Today's theme, carrying on from yesterday, was to make sure the horses Know (they're) Not In Trouble. Our first visit was a revisit to Iona and Honey for another starting session.
Iona has not always been treated very well and can be very watchful. She has a tendency to walk off as soon as the reins are picked up and I wanted to reassure her that she didn't need to do that.
I spent time moving around her with the reins just dropped on the floor, giving her a lovely rub on the bottom or on the neck.
As a result when we did eventually set off she was really relaxed...
...and even came up with a new pace, a wot, something exactly between a walk and a trot, when asked for a transition.

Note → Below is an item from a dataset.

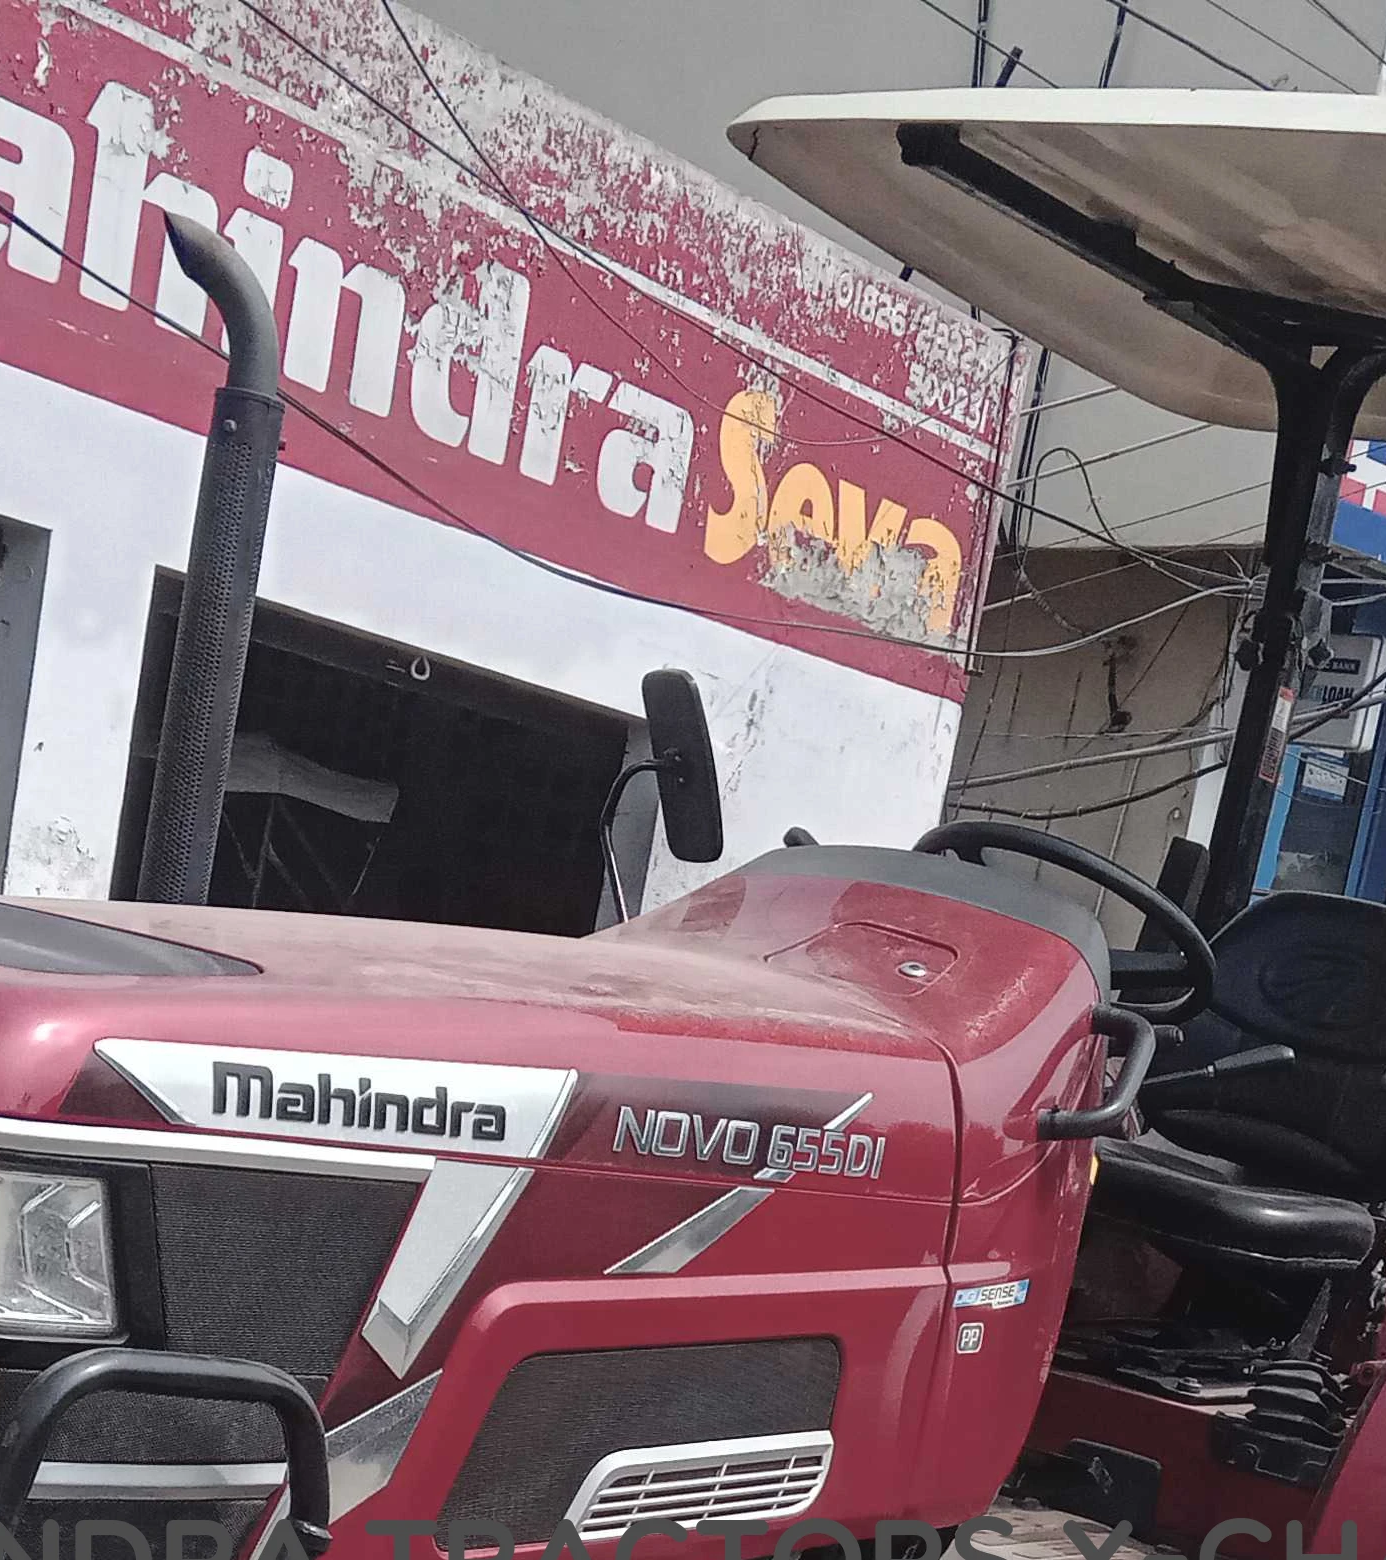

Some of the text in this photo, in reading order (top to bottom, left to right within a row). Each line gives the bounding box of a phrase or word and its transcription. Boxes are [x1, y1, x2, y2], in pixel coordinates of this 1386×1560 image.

[210, 1059, 507, 1144] Mahindra
[613, 1105, 887, 1181] NOVO 655DI

It's lovely to work with a horse that is so tuned in.
Sandra on board again, this time with stirrups, and going in large circles.
Honey is a couple of stages behind Iona, still waiting for her saddle.
She was long reined too...
...and Julie did some work on asking her to accept a leg across her and up her side too.
This afternoon's horse was quite complicated. This lemon and white Welsh Cob cross Connemara has gradually become more and more difficult for her owner to catch. Galling for her when other people, with a lesser agenda, are able to catch her.
I was able to approach and catch her fairly quickly and I began to use a clickered reward system straight away in order to make the most of the opportunity.
In just a little while she had cottoned on to how this worked and was asking me to catch her.
I then worked with her owner, talking about and demonstrating soft body language and appropriate rewards, and we seemed to be doing quite well; patting was absolutely banned! Sadly the little horse flicked a switch a little while after this and went back to her well rehearsed patterns. I can only hope that the little bit of work that we did manage will be the start of something more positive.
It has been suggested to the owner that she try Join Up with this horse but I am pretty convinced that is not appropriate in this case; this mare can take four hours to catch, clearly demonstrating that she can see no earthly use for a human being, and has the stamina to keep going and going.
It's the first time I have ever walked into a horse feed shop and asked for the skeleton in the cupboard and a bag of grass nuts, please. Fortunately Georgie knew what I was talking about since Holly has dropped off my bag of spares the day before. I have to think of a pleasant name for this pony who will be providing the missing bits for Honour's skeleton.